AbstractRadiation and platinum-based chemotherapy form the backbone of therapy in HPV-negative head and neck squamous cell carcinoma (HNSCC). We have correlated focal adhesion kinase (FAK/PTK2) expression with radioresistance and worse outcome in these patients. However, the importance of FAK in driving radioresistance and its effects on chemoresistance in these patients remain unclear. We performed an in vivo shRNA screen using targetable libraries to address these questions and identified FAK as an excellent target for both radio- and chemosensitization. Because TP53 is mutated in over 80% of HPV-negative HNSCC, we hypothesized that mutant TP53 may facilitate FAK-mediated therapy resistance.

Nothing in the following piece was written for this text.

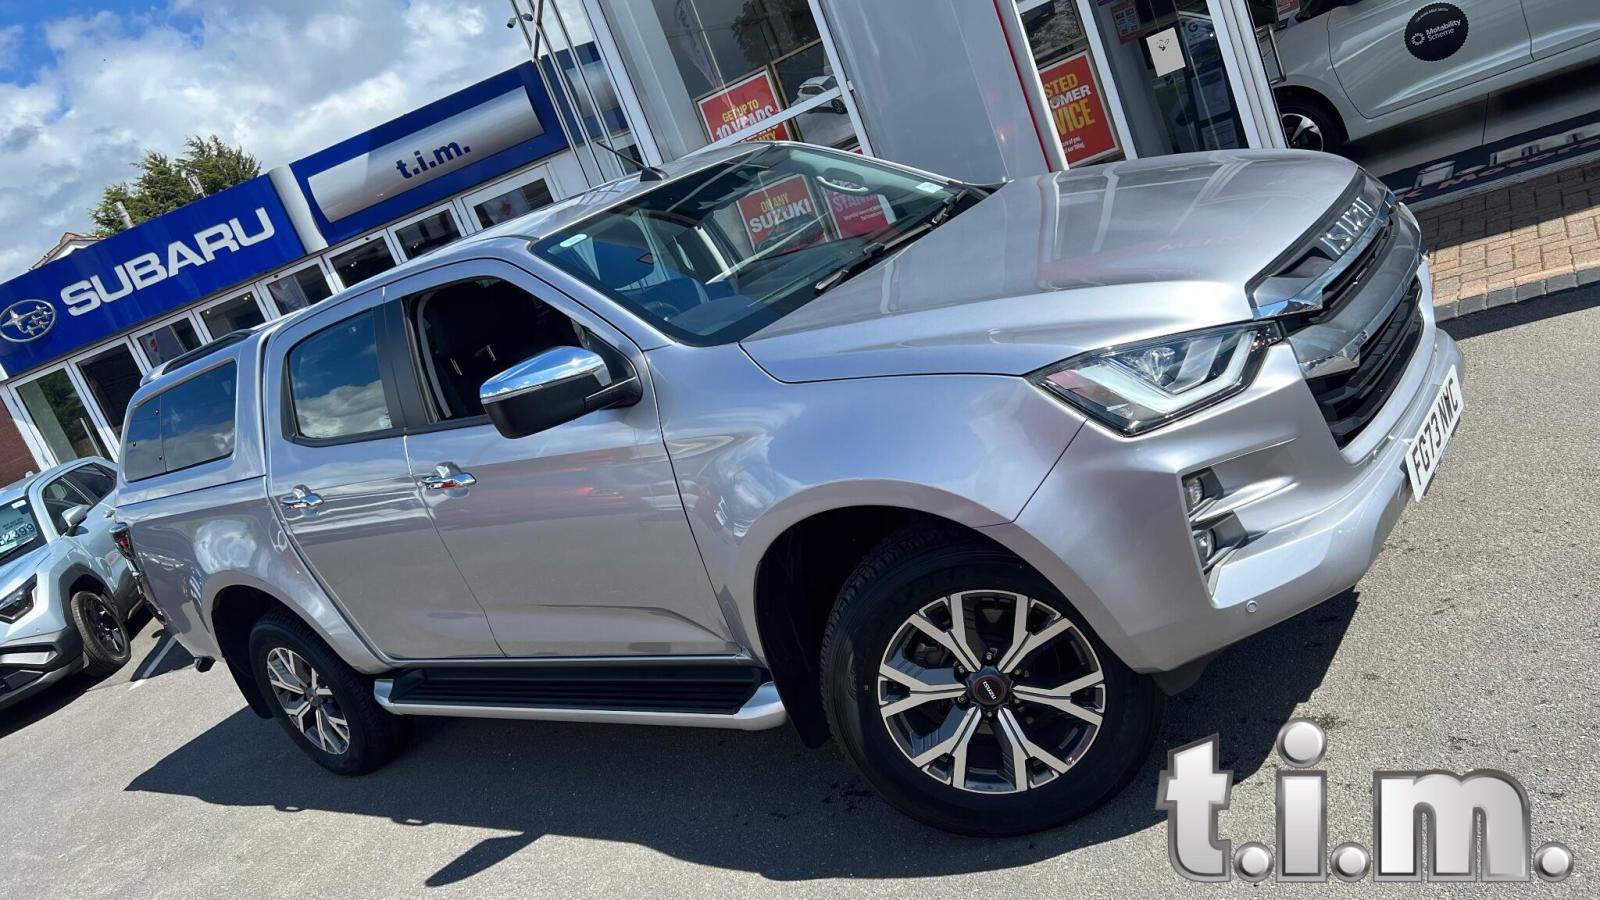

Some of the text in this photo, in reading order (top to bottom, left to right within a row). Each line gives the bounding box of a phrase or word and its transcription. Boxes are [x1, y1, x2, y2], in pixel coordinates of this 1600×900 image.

FAK inhibitor increased sensitivity to radiation, increased DNA damage and repressed homologous recombination and non-homologous end joining repair in mutant, but not wild-type, TP53 HPV-negative HNSCC cell lines. Mutant TP53 cisplatin-resistant cell line had increased FAK phosphorylation compared to wild-type, and FAK inhibition partially reversed cisplatin resistance. To validate these findings, we utilized a HNSCC cohort to show that FAK copy number and gene expression were associated with worse disease-free survival in mutant TP53, but not wild-type TP53, HPV-negative HNSCC tumors. Thus, FAK may represent a targetable therapeutic sensitizer linked to a known genomic marker of resistance.